Data in this exercise:
■ ■ ■ ■
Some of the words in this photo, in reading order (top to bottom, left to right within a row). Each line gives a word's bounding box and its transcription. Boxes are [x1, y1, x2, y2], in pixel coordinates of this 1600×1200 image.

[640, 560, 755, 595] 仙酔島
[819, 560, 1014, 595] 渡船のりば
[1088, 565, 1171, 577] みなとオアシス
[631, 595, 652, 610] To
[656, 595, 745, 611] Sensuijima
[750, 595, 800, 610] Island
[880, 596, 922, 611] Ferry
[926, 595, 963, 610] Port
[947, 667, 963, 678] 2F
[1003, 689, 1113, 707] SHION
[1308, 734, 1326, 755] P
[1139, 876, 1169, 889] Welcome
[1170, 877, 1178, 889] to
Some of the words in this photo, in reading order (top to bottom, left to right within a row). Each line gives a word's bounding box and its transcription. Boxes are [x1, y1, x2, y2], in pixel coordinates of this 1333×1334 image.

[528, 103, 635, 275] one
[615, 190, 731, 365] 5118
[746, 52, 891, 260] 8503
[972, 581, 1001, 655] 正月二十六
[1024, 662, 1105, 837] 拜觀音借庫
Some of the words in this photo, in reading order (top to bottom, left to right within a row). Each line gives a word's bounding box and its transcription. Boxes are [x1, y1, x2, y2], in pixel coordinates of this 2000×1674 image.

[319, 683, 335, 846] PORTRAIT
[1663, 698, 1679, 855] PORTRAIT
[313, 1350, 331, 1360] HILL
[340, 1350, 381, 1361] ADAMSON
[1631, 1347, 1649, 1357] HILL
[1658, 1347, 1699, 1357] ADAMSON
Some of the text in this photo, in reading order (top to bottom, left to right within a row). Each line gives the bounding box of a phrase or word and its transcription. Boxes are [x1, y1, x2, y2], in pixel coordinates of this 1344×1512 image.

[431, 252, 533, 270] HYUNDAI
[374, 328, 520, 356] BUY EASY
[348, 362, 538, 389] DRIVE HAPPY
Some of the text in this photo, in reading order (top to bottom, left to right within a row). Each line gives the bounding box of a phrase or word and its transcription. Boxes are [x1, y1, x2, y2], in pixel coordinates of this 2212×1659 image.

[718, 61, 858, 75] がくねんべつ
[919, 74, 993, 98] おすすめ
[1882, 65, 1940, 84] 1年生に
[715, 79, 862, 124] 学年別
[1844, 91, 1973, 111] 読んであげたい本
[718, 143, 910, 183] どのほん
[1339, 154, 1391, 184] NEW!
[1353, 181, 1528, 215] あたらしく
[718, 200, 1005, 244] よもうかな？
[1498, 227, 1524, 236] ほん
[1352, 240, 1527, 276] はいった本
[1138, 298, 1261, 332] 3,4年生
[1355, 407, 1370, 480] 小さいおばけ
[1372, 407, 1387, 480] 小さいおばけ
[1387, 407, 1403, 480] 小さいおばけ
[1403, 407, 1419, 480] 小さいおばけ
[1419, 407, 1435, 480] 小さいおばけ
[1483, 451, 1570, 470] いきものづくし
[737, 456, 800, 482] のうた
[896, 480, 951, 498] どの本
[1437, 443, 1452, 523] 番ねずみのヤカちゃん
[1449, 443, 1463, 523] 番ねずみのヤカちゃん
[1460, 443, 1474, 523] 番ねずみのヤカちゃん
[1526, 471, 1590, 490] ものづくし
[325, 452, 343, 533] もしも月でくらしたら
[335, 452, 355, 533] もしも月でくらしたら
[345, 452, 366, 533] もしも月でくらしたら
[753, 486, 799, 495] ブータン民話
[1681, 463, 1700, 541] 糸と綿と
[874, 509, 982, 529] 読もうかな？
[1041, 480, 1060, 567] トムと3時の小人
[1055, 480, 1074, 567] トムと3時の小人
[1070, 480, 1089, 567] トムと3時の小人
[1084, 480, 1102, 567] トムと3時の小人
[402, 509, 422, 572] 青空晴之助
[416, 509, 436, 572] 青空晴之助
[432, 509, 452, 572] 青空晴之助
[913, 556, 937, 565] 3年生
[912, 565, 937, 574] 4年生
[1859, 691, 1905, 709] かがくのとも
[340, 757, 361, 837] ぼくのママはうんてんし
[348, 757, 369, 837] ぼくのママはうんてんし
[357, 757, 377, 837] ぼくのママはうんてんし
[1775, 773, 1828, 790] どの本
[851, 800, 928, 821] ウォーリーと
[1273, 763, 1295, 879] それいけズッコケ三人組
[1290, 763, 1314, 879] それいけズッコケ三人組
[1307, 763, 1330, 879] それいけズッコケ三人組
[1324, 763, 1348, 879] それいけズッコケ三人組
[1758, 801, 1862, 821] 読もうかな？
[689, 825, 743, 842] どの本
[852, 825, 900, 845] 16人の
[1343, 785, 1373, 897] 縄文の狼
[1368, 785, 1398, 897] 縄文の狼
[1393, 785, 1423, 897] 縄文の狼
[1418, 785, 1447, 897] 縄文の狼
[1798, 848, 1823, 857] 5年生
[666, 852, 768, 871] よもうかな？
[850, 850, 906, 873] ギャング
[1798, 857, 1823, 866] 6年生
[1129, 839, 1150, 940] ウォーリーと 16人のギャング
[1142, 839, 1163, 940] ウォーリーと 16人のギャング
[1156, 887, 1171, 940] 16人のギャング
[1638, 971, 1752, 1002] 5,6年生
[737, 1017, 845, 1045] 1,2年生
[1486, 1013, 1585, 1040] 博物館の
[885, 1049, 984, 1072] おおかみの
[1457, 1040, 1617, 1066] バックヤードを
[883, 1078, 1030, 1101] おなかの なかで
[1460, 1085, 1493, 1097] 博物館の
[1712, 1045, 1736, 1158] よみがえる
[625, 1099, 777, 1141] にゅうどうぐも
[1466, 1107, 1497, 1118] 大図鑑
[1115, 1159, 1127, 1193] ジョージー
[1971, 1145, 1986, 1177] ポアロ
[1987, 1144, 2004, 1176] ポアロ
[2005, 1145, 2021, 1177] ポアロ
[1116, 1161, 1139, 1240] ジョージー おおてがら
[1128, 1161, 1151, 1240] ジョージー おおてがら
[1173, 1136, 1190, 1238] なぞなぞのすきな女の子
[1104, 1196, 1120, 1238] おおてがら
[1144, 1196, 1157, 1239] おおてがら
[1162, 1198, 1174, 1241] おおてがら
■ ■ ■ ■
Instructions for the task:
Could you repeat every record above exactly as it is written?

Task response:
Some of the words in this photo, in reading order (top to bottom, left to right within a row). Each line gives a word's bounding box and its transcription. Boxes are [x1, y1, x2, y2], in pixel coordinates of this 1600×1200 image.

[640, 560, 755, 595] 仙酔島
[819, 560, 1014, 595] 渡船のりば
[1088, 565, 1171, 577] みなとオアシス
[631, 595, 652, 610] To
[656, 595, 745, 611] Sensuijima
[750, 595, 800, 610] Island
[880, 596, 922, 611] Ferry
[926, 595, 963, 610] Port
[947, 667, 963, 678] 2F
[1003, 689, 1113, 707] SHION
[1308, 734, 1326, 755] P
[1139, 876, 1169, 889] Welcome
[1170, 877, 1178, 889] to
Some of the words in this photo, in reading order (top to bottom, left to right within a row). Each line gives a word's bounding box and its transcription. Boxes are [x1, y1, x2, y2], in pixel coordinates of this 1333×1334 image.

[528, 103, 635, 275] one
[615, 190, 731, 365] 5118
[746, 52, 891, 260] 8503
[972, 581, 1001, 655] 正月二十六
[1024, 662, 1105, 837] 拜觀音借庫
Some of the words in this photo, in reading order (top to bottom, left to right within a row). Each line gives a word's bounding box and its transcription. Boxes are [x1, y1, x2, y2], in pixel coordinates of this 2000×1674 image.

[319, 683, 335, 846] PORTRAIT
[1663, 698, 1679, 855] PORTRAIT
[313, 1350, 331, 1360] HILL
[340, 1350, 381, 1361] ADAMSON
[1631, 1347, 1649, 1357] HILL
[1658, 1347, 1699, 1357] ADAMSON
Some of the text in this photo, in reading order (top to bottom, left to right within a row). Each line gives the bounding box of a phrase or word and its transcription. Boxes are [x1, y1, x2, y2], in pixel coordinates of this 1344×1512 image.

[431, 252, 533, 270] HYUNDAI
[374, 328, 520, 356] BUY EASY
[348, 362, 538, 389] DRIVE HAPPY
Some of the text in this photo, in reading order (top to bottom, left to right within a row). Each line gives the bounding box of a phrase or word and its transcription. Boxes are [x1, y1, x2, y2], in pixel coordinates of this 2212×1659 image.

[718, 61, 858, 75] がくねんべつ
[919, 74, 993, 98] おすすめ
[1882, 65, 1940, 84] 1年生に
[715, 79, 862, 124] 学年別
[1844, 91, 1973, 111] 読んであげたい本
[718, 143, 910, 183] どのほん
[1339, 154, 1391, 184] NEW!
[1353, 181, 1528, 215] あたらしく
[718, 200, 1005, 244] よもうかな？
[1498, 227, 1524, 236] ほん
[1352, 240, 1527, 276] はいった本
[1138, 298, 1261, 332] 3,4年生
[1355, 407, 1370, 480] 小さいおばけ
[1372, 407, 1387, 480] 小さいおばけ
[1387, 407, 1403, 480] 小さいおばけ
[1403, 407, 1419, 480] 小さいおばけ
[1419, 407, 1435, 480] 小さいおばけ
[1483, 451, 1570, 470] いきものづくし
[737, 456, 800, 482] のうた
[896, 480, 951, 498] どの本
[1437, 443, 1452, 523] 番ねずみのヤカちゃん
[1449, 443, 1463, 523] 番ねずみのヤカちゃん
[1460, 443, 1474, 523] 番ねずみのヤカちゃん
[1526, 471, 1590, 490] ものづくし
[325, 452, 343, 533] もしも月でくらしたら
[335, 452, 355, 533] もしも月でくらしたら
[345, 452, 366, 533] もしも月でくらしたら
[753, 486, 799, 495] ブータン民話
[1681, 463, 1700, 541] 糸と綿と
[874, 509, 982, 529] 読もうかな？
[1041, 480, 1060, 567] トムと3時の小人
[1055, 480, 1074, 567] トムと3時の小人
[1070, 480, 1089, 567] トムと3時の小人
[1084, 480, 1102, 567] トムと3時の小人
[402, 509, 422, 572] 青空晴之助
[416, 509, 436, 572] 青空晴之助
[432, 509, 452, 572] 青空晴之助
[913, 556, 937, 565] 3年生
[912, 565, 937, 574] 4年生
[1859, 691, 1905, 709] かがくのとも
[340, 757, 361, 837] ぼくのママはうんてんし
[348, 757, 369, 837] ぼくのママはうんてんし
[357, 757, 377, 837] ぼくのママはうんてんし
[1775, 773, 1828, 790] どの本
[851, 800, 928, 821] ウォーリーと
[1273, 763, 1295, 879] それいけズッコケ三人組
[1290, 763, 1314, 879] それいけズッコケ三人組
[1307, 763, 1330, 879] それいけズッコケ三人組
[1324, 763, 1348, 879] それいけズッコケ三人組
[1758, 801, 1862, 821] 読もうかな？
[689, 825, 743, 842] どの本
[852, 825, 900, 845] 16人の
[1343, 785, 1373, 897] 縄文の狼
[1368, 785, 1398, 897] 縄文の狼
[1393, 785, 1423, 897] 縄文の狼
[1418, 785, 1447, 897] 縄文の狼
[1798, 848, 1823, 857] 5年生
[666, 852, 768, 871] よもうかな？
[850, 850, 906, 873] ギャング
[1798, 857, 1823, 866] 6年生
[1129, 839, 1150, 940] ウォーリーと 16人のギャング
[1142, 839, 1163, 940] ウォーリーと 16人のギャング
[1156, 887, 1171, 940] 16人のギャング
[1638, 971, 1752, 1002] 5,6年生
[737, 1017, 845, 1045] 1,2年生
[1486, 1013, 1585, 1040] 博物館の
[885, 1049, 984, 1072] おおかみの
[1457, 1040, 1617, 1066] バックヤードを
[883, 1078, 1030, 1101] おなかの なかで
[1460, 1085, 1493, 1097] 博物館の
[1712, 1045, 1736, 1158] よみがえる
[625, 1099, 777, 1141] にゅうどうぐも
[1466, 1107, 1497, 1118] 大図鑑
[1115, 1159, 1127, 1193] ジョージー
[1971, 1145, 1986, 1177] ポアロ
[1987, 1144, 2004, 1176] ポアロ
[2005, 1145, 2021, 1177] ポアロ
[1116, 1161, 1139, 1240] ジョージー おおてがら
[1128, 1161, 1151, 1240] ジョージー おおてがら
[1173, 1136, 1190, 1238] なぞなぞのすきな女の子
[1104, 1196, 1120, 1238] おおてがら
[1144, 1196, 1157, 1239] おおてがら
[1162, 1198, 1174, 1241] おおてがら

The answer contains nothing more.